De volta para o passado

Parece que foi ontem... E foi mesmo!
  É hoje a data, segundo a saga De Volta Para o Futuro, em que Martin McFly chega ao ano de 2015. Desde anos antes, muita gente dizia querer pedir o DeLorean emprestado para corrigir um erro. É compreensível, mas lamento, não é possível. Ainda que se consiga voltar no tempo, qualquer alteração faria desaparecer a motivação da viagem, não permitindo a façanha e mantendo tudo como estava. Quem volta algumas horas para comer o sanduíche que acaba de ver na mão do cunhado mala, ficará satisfeito e não voltará, ou seja, o estorvo vai encontrar o sanduíche lá.

  Futuros alternativos são histórias da carochinha, se prestam muito bem para revistas em quadrinhos com crises de criatividade e inspiração, na prática eles nem podem ser levados a sério. e se existissem, bem, não consertariam o teu futuro, mas o de um seu "eu" alternativo que gozaria do teu trabalho, tu mesmo continuarias no aço.

  Francamente? Essa conversa de mudar o passado tem mais fundo depressivo, por frustração ou trauma, ou ambos, do que de utilidade real. O passado é um tempo que já não existe, o futuro é só uma especulação que pode ser mais ou menos conduzida.

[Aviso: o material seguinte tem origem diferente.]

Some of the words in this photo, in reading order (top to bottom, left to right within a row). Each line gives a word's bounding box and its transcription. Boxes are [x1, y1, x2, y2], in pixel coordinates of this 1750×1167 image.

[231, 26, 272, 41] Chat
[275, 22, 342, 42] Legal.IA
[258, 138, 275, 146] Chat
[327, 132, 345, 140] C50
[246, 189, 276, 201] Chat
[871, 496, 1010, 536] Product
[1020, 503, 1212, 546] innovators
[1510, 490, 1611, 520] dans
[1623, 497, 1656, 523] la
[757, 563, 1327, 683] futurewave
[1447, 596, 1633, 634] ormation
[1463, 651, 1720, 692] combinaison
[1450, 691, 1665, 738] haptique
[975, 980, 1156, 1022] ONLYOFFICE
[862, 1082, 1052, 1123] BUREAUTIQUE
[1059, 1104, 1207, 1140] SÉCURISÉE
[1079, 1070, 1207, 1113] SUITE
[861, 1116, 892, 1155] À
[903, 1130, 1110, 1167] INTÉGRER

  Mas se fazem questão, há algo que um viajante do tempo poderia fazer e se enriquecer muito, sem precisar bancar o herói da humanidade. Ele poderia fazer viagens periódicas a épocas de seu interesse e vivê-las, se integrar a elas. Isso causaria pequenos nódulos, no máximo, mas nenhum trauma na malha temporal. Se alguém engravidasse disso, bem, é porque alguém já pariu, a coisa já teria acontecido mesmo. Amores de verão, entendem? Dois jovens se encontram, não se controlam e nunca mais se vêem... Belo tema para um filme!

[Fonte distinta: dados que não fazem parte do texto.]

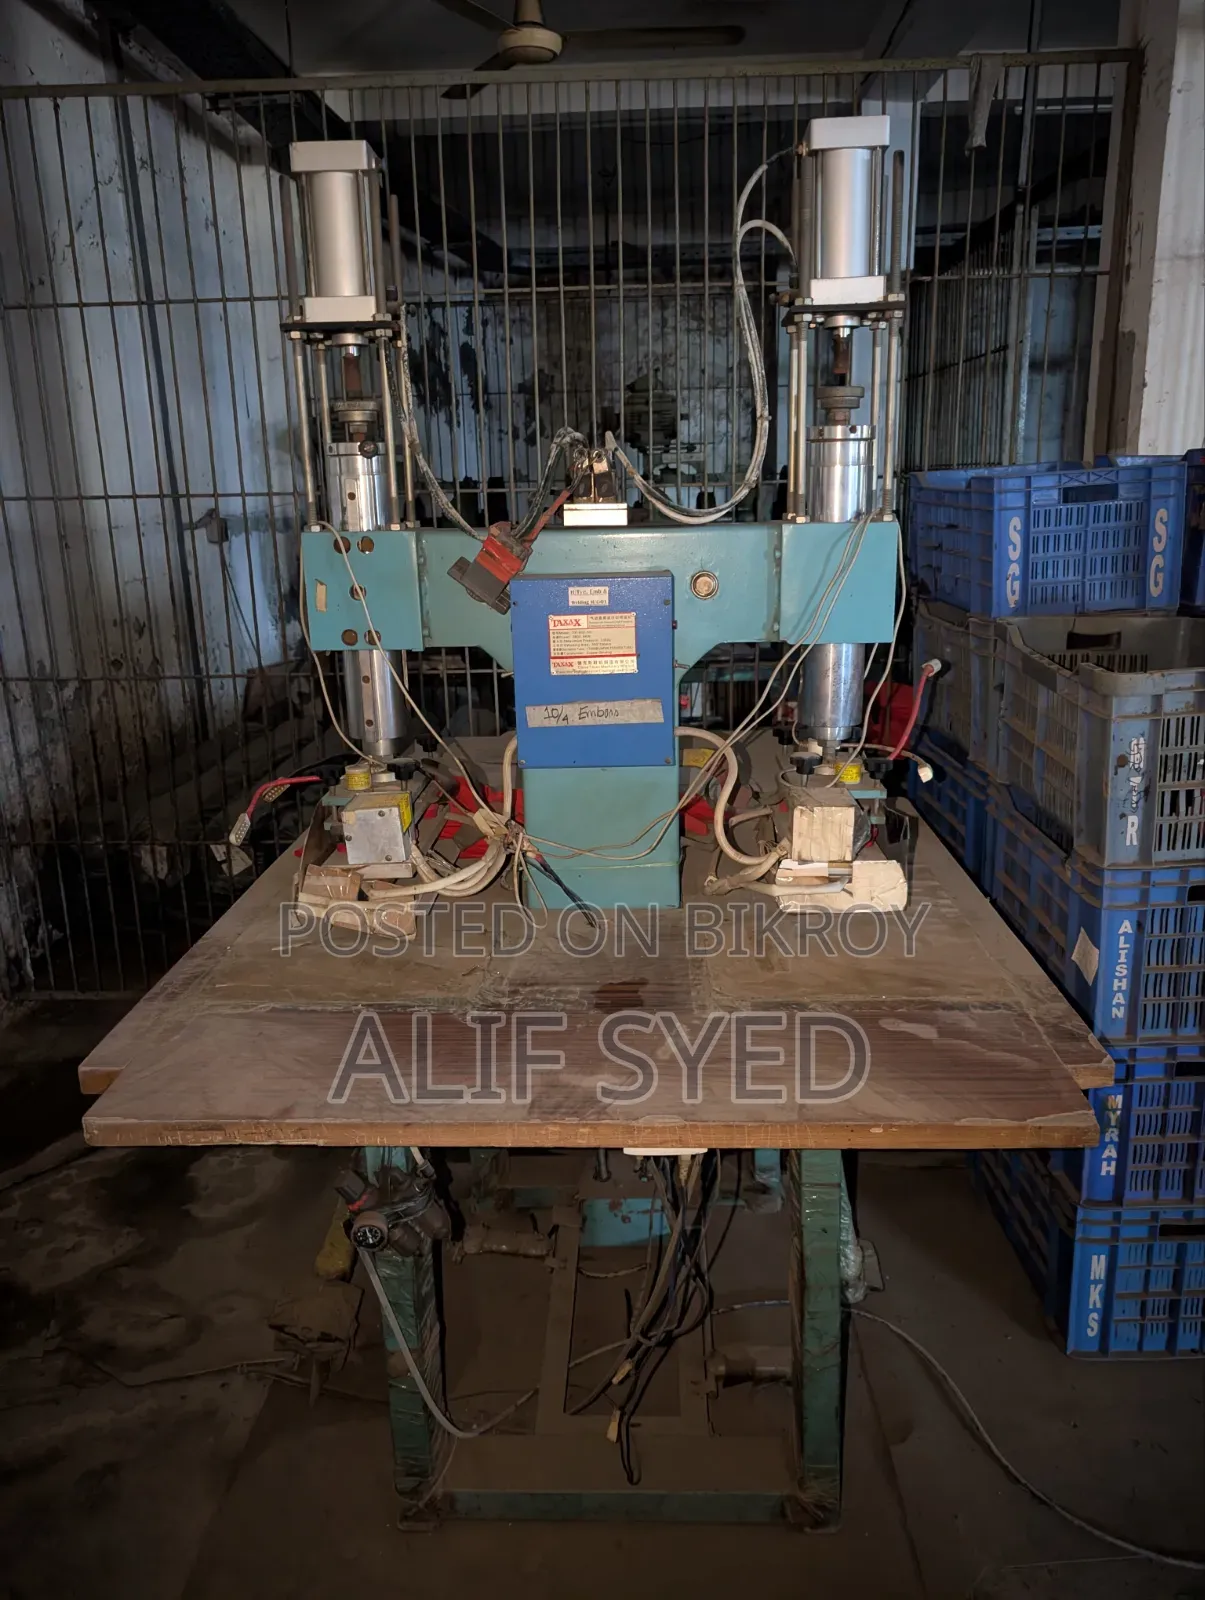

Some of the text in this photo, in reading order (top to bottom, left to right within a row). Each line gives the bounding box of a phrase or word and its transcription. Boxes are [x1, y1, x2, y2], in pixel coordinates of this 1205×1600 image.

[1149, 508, 1168, 598] SG
[1111, 919, 1134, 1019] ALISHAN
[1100, 1094, 1122, 1176] MYRAH
[1086, 1254, 1106, 1337] MKS

  Voltando ao assunto... Imaginem um fã dos Beatles. Naquela época, e até no início dos anos noventa, era praticamente impossível localizar de pronto alguém que não quisesse ser encontrado. Um documento forjado com a tecnologia de hoje, há até vinte anos convenceria facilmente qualquer autoridade, ainda mais policiais comuns. Com todas as precauções legais e formais tomadas, esse fã poderia simplesmente ir aos primeiros shows dos garotos de Liverpool! Imaginem uma câmera de celular embutida em um broche! Naquela época, ninguém desconfiaria.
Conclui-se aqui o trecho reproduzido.